Thursday, February 22

Duterte lifts the dead in the Philippines anti-drug campaign from their graves

  • The deceased are exhumed after having expired the five years of rent for their niches and their remains thrown into a mass grave

  • Official figures speak of 7,000 drug addicts and drug dealers killed by the police, although human rights organizations have counted more than 30,000

The victims of the anti-drug crusade in Philippines they have not found peace in the cemetery either. Their bodies are being exhumed after the lease on the graves has expired because their relatives lack income to extend it. It is not a delicate operation: the tombstones are smashed with hammers and the remains are placed in bags that will be thrown into a mass grave or any corner out of sight.

It is the last and foreseeable effect of the Rodrigo Duterte’s most mediatic campaign. No one can accuse the president of breaking his electoral promises: he said that he would put an end to drug addicts and he worked hard at it. Official figures speak of 7,000 drug addicts and drug dealers shot down by the police and human rights have counted more than 30,000. The uproar was concentrated in the first year with an average of 35 deaths per day. Those expelled from their graves are now those who fell in that first wave.

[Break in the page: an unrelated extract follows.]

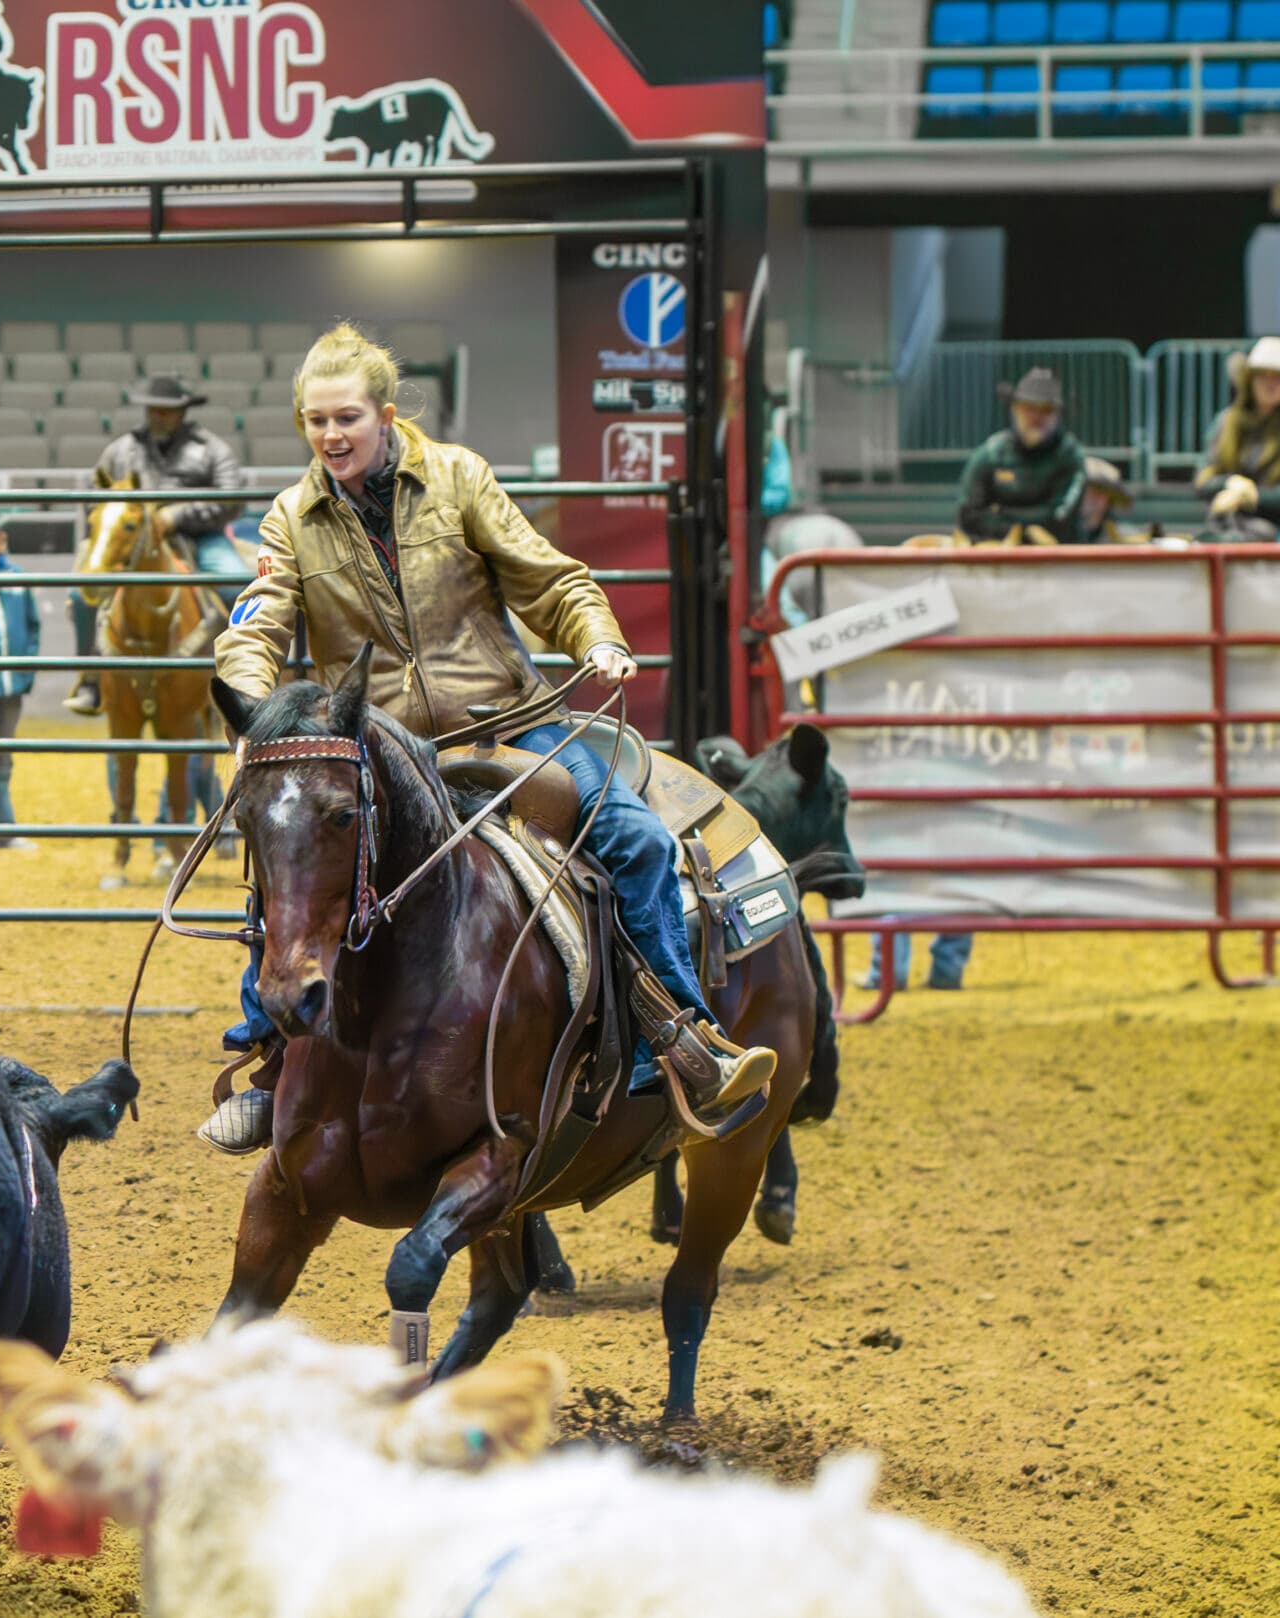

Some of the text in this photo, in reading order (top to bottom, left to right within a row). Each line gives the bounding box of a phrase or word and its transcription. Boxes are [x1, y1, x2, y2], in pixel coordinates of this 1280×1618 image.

The dead are concentrated in suburbs of the metropolitan belt of Manila such as Nabotas or Caloocan. A walk reveals a painful poverty. Wooden shacks, swamps where half-naked children, chickens and malnourished dogs are squeezed, no running water and disturbing electrical junctions. “If you’re poor, you’re dead,” Amnesty International headlined its report on Duterte’s anti-drug campaign. The painting explains the drama: the rental of those humble cubicles stacked on cement blocks costs a thousand pesos a year, about 17 euros, too many for those who barely fill the bowl of rice. The average salary in the Philippines does not reach 270 euros and the pandemic has fattened the poor account. The deceased, moreover, were the main breadwinner for the family in many cases.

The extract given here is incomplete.